Even the most seasoned specialists were taken aback by the severity of the impact. 


  • The National Climate Assessment concluded that “the eastern half of the [United States] is getting greater precipitation in general,” according to Justin Gillis of The New York Times on May 6, 2014. And the percentage of precipitation dropping in extremely heavy rain episodes has increased by 71 percent in the Northeast, 37 percent in the Midwest, and 27 percent in the South during the last half-century.” Such developments are taking place all across the globe. 
  • In the summer of 2010, for example, floods ravaged Pakistan, but an exceedingly unusual downpour flooded the town of Leh in Ladakh, India, which is located in one of the world's driest deserts. The hamlet is located in a high-altitude desert that is shielded from the majority of precipitation by neighboring mountains. 
  • In August, the average rainfall is 15 millimeters, or a fraction of an inch. However, a half-hour downpour on August 6, 2010, washed most of the town away, killing 150 people and left hundreds more missing. The storm was so powerful, yet so remote, that it missed a meteorological station in the valley and remained unnoticed. 

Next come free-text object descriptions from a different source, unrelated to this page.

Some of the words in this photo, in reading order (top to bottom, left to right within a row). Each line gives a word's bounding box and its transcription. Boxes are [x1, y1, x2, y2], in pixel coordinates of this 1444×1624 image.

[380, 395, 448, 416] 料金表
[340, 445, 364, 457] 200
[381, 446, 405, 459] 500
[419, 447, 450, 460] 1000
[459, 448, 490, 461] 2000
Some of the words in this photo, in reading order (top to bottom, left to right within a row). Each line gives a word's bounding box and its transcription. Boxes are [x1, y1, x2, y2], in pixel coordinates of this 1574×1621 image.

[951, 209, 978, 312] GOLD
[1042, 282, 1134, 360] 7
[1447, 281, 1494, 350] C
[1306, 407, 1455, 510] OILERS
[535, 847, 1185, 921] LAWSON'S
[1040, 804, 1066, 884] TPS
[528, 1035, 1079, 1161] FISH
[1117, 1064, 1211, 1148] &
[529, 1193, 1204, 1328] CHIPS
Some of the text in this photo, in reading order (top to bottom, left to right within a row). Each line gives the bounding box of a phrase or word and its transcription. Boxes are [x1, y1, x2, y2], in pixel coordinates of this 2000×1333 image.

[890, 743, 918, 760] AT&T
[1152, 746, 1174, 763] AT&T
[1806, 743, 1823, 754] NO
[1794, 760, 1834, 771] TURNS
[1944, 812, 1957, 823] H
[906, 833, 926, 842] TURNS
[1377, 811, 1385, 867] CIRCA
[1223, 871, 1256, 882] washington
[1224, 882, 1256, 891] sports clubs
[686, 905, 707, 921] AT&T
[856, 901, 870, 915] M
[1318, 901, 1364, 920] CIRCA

  • In 2013, significant sections of Nashville, Tennessee, were flooded by almost 20 inches of rain, while parts of Colorado got a year's worth of rain in a single week. As much as two feet of rain fell in as little as 24 hours in parts of the Florida panhandle. 
  • At the same time, sand dunes erupted over most of the Navajo reservation in New Mexico and Arizona, which is normally dry, as precipitation dropped from meager to virtually none—except for a brief but intense rainfall. Early in October 2015, parts of South Carolina got two feet of rain in three days. In some parts of southern Texas, 20 inches of rain poured two weeks ago.